Directions: Each record here should be printed again exactly; please leave its pictures out.

(Images for object localization)
▼▼▼
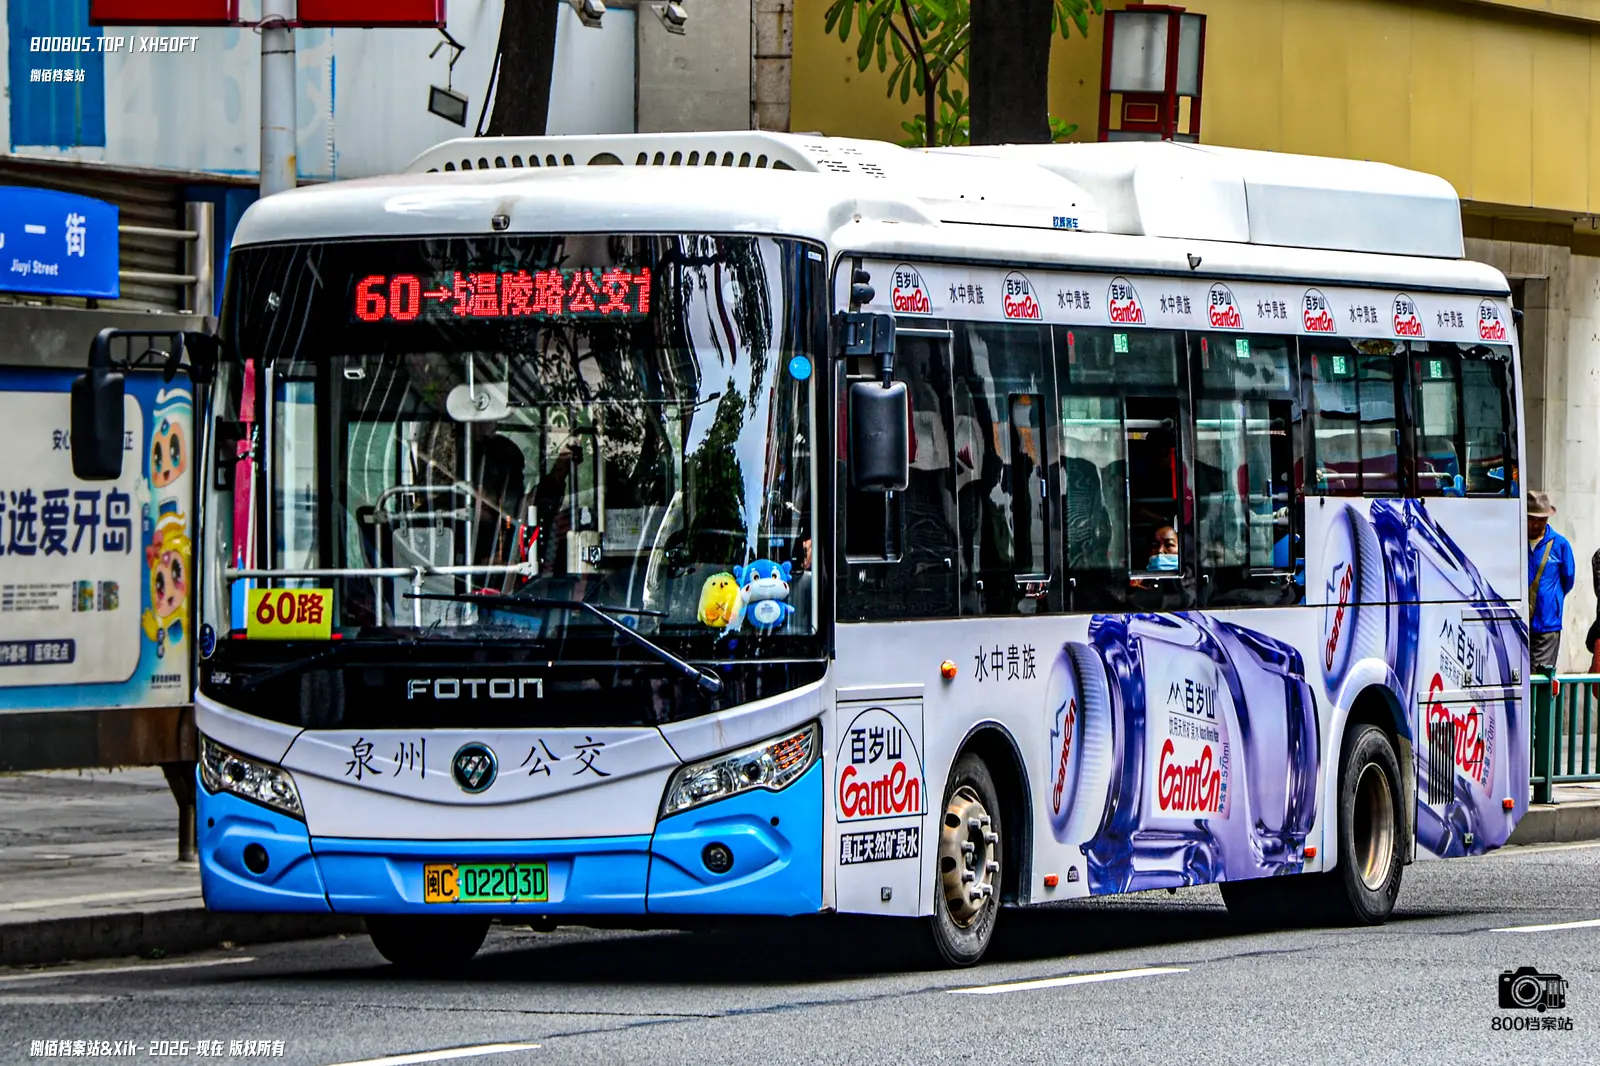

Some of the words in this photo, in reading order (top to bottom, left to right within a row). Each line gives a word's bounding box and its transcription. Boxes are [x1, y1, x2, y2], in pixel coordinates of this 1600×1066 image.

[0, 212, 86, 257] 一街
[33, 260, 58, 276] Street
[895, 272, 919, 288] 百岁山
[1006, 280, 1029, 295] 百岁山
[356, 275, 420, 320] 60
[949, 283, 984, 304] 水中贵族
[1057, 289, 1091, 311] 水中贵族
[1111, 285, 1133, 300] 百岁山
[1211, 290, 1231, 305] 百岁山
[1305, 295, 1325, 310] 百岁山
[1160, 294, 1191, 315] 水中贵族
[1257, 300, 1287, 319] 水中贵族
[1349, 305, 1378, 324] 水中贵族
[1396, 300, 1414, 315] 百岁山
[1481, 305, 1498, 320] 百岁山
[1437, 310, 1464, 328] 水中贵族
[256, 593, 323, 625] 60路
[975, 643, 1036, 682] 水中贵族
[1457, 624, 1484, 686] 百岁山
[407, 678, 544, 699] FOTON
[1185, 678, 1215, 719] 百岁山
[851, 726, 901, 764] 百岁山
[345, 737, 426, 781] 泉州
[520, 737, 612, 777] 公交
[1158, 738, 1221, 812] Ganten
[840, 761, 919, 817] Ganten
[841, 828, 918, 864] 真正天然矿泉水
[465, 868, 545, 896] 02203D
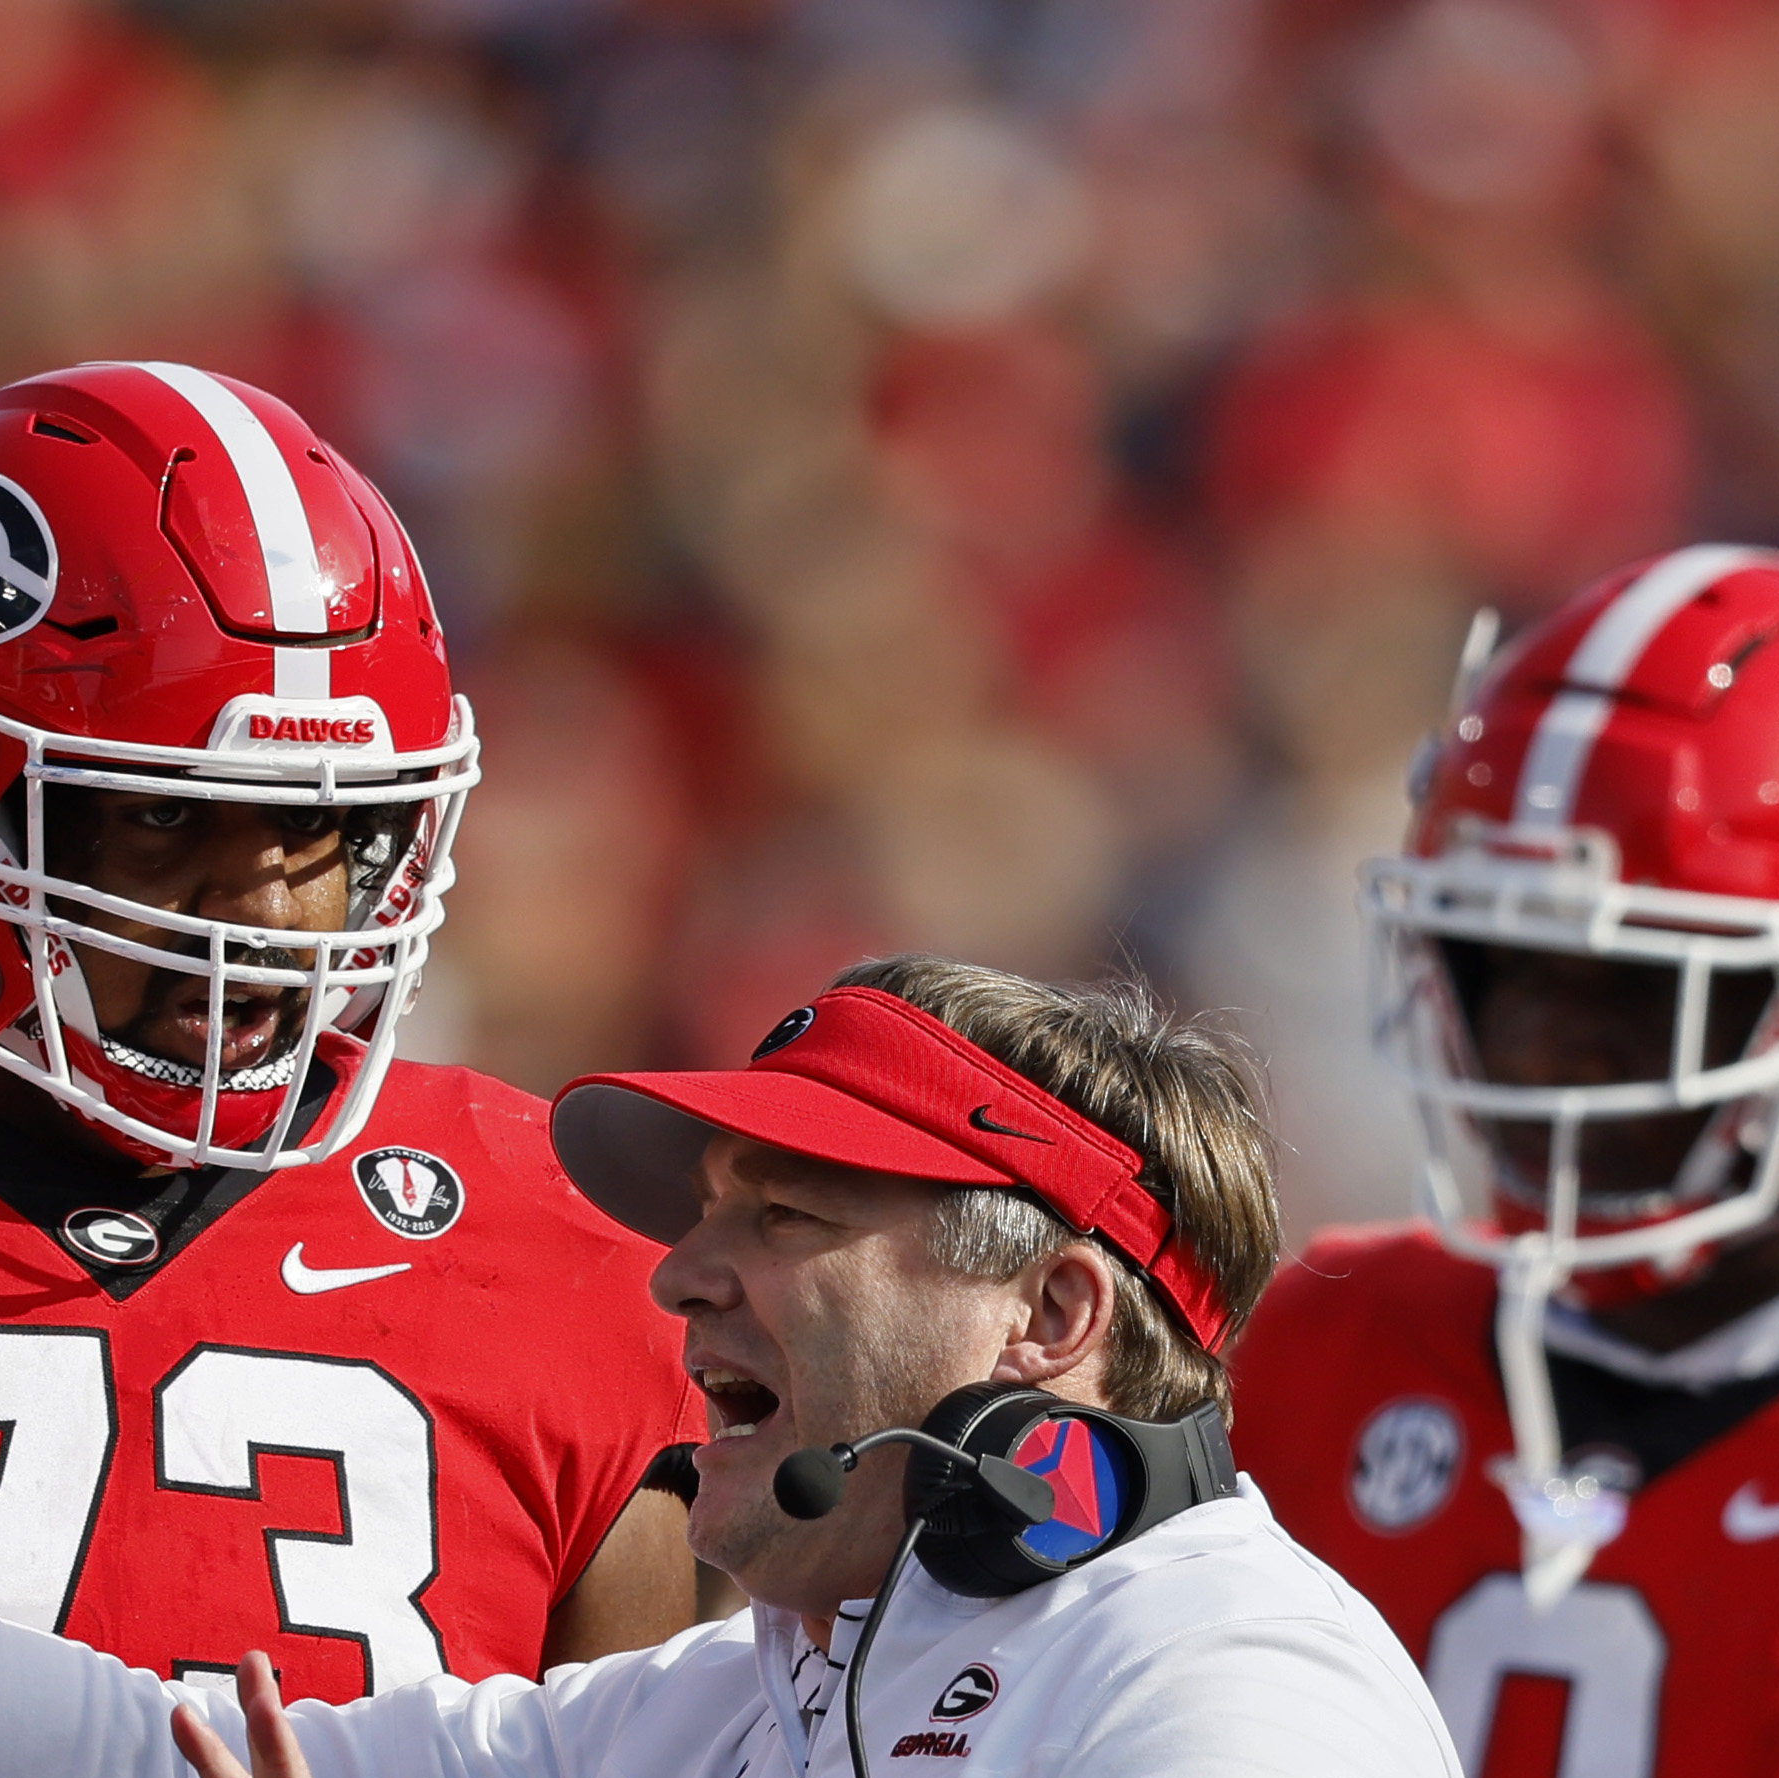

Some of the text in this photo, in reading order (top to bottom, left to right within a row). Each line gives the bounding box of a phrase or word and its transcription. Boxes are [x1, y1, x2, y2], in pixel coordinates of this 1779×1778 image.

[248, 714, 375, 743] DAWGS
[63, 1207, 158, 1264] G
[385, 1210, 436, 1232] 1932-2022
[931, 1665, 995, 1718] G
▲▲▲
Completed task:
Some of the words in this photo, in reading order (top to bottom, left to right within a row). Each line gives a word's bounding box and its transcription. Boxes are [x1, y1, x2, y2], in pixel coordinates of this 1600×1066 image.

[0, 212, 86, 257] 一街
[33, 260, 58, 276] Street
[895, 272, 919, 288] 百岁山
[1006, 280, 1029, 295] 百岁山
[356, 275, 420, 320] 60
[949, 283, 984, 304] 水中贵族
[1057, 289, 1091, 311] 水中贵族
[1111, 285, 1133, 300] 百岁山
[1211, 290, 1231, 305] 百岁山
[1305, 295, 1325, 310] 百岁山
[1160, 294, 1191, 315] 水中贵族
[1257, 300, 1287, 319] 水中贵族
[1349, 305, 1378, 324] 水中贵族
[1396, 300, 1414, 315] 百岁山
[1481, 305, 1498, 320] 百岁山
[1437, 310, 1464, 328] 水中贵族
[256, 593, 323, 625] 60路
[975, 643, 1036, 682] 水中贵族
[1457, 624, 1484, 686] 百岁山
[407, 678, 544, 699] FOTON
[1185, 678, 1215, 719] 百岁山
[851, 726, 901, 764] 百岁山
[345, 737, 426, 781] 泉州
[520, 737, 612, 777] 公交
[1158, 738, 1221, 812] Ganten
[840, 761, 919, 817] Ganten
[841, 828, 918, 864] 真正天然矿泉水
[465, 868, 545, 896] 02203D

Some of the text in this photo, in reading order (top to bottom, left to right within a row). Each line gives the bounding box of a phrase or word and its transcription. Boxes are [x1, y1, x2, y2], in pixel coordinates of this 1779×1778 image.

[248, 714, 375, 743] DAWGS
[63, 1207, 158, 1264] G
[385, 1210, 436, 1232] 1932-2022
[931, 1665, 995, 1718] G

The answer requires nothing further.